** EXERCISE DIRECTIONS **
Which lines below hold the word "pixel"? Copy all of them.

** RECORDS **

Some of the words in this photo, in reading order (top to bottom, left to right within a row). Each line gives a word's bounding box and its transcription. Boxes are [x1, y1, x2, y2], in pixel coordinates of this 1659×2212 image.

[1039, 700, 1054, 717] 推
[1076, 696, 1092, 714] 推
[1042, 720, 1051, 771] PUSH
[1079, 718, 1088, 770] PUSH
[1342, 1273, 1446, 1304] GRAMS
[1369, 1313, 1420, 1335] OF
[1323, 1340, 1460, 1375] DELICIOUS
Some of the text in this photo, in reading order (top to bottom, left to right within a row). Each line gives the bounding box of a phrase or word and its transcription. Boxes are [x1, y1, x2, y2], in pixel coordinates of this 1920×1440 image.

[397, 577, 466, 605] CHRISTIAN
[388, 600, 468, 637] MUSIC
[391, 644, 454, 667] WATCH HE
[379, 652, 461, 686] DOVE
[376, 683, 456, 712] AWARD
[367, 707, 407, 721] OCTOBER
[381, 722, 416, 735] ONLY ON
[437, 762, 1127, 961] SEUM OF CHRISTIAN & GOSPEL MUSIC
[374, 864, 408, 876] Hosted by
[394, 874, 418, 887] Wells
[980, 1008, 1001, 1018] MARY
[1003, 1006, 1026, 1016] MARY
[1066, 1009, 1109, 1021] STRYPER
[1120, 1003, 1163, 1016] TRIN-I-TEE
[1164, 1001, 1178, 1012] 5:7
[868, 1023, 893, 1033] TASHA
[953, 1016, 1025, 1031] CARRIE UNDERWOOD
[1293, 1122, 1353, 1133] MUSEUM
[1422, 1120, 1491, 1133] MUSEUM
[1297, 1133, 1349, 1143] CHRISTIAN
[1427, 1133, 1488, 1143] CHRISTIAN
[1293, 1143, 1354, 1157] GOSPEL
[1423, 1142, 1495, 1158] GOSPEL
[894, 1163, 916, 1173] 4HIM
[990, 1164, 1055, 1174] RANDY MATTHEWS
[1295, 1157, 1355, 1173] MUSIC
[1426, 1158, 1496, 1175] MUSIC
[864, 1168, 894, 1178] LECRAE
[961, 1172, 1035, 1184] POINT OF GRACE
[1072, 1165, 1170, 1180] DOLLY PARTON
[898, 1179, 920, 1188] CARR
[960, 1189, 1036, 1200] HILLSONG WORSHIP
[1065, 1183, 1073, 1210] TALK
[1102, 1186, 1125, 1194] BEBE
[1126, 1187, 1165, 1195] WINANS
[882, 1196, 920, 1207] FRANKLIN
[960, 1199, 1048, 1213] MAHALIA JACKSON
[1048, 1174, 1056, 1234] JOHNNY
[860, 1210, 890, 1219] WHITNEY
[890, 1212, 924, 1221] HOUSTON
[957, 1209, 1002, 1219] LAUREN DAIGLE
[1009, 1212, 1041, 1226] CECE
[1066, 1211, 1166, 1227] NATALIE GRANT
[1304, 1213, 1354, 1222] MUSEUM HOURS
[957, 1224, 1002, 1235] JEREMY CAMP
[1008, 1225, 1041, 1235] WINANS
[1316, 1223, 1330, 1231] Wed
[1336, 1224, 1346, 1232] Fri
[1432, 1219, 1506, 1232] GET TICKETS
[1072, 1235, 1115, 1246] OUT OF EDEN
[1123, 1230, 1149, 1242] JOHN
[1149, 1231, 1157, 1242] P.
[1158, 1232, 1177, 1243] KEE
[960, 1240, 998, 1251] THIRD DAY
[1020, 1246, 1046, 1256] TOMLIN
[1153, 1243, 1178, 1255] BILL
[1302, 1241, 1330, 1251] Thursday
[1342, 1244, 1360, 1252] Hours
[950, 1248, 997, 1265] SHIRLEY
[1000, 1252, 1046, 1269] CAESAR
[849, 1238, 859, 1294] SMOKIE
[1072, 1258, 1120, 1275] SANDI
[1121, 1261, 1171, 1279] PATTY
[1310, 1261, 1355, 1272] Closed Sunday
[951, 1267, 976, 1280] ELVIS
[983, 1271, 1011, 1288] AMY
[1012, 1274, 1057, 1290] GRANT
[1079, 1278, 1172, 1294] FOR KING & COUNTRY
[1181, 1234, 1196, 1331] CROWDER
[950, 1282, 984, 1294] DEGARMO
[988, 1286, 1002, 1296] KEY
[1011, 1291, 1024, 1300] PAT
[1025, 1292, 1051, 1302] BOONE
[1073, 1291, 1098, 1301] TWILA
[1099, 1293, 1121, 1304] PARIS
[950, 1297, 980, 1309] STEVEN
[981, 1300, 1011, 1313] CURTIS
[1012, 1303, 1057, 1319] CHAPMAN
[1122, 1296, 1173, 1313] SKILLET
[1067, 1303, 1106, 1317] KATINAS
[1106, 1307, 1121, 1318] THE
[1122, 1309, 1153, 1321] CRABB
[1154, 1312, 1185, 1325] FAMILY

** EXERCISE ANSWER **
Some of the words in this photo, in reading order (top to bottom, left to right within a row). Each line gives a word's bounding box and its transcription. Boxes are [x1, y1, x2, y2], in pixel coordinates of this 1659×2212 image.
Some of the text in this photo, in reading order (top to bottom, left to right within a row). Each line gives the bounding box of a phrase or word and its transcription. Boxes are [x1, y1, x2, y2], in pixel coordinates of this 1920×1440 image.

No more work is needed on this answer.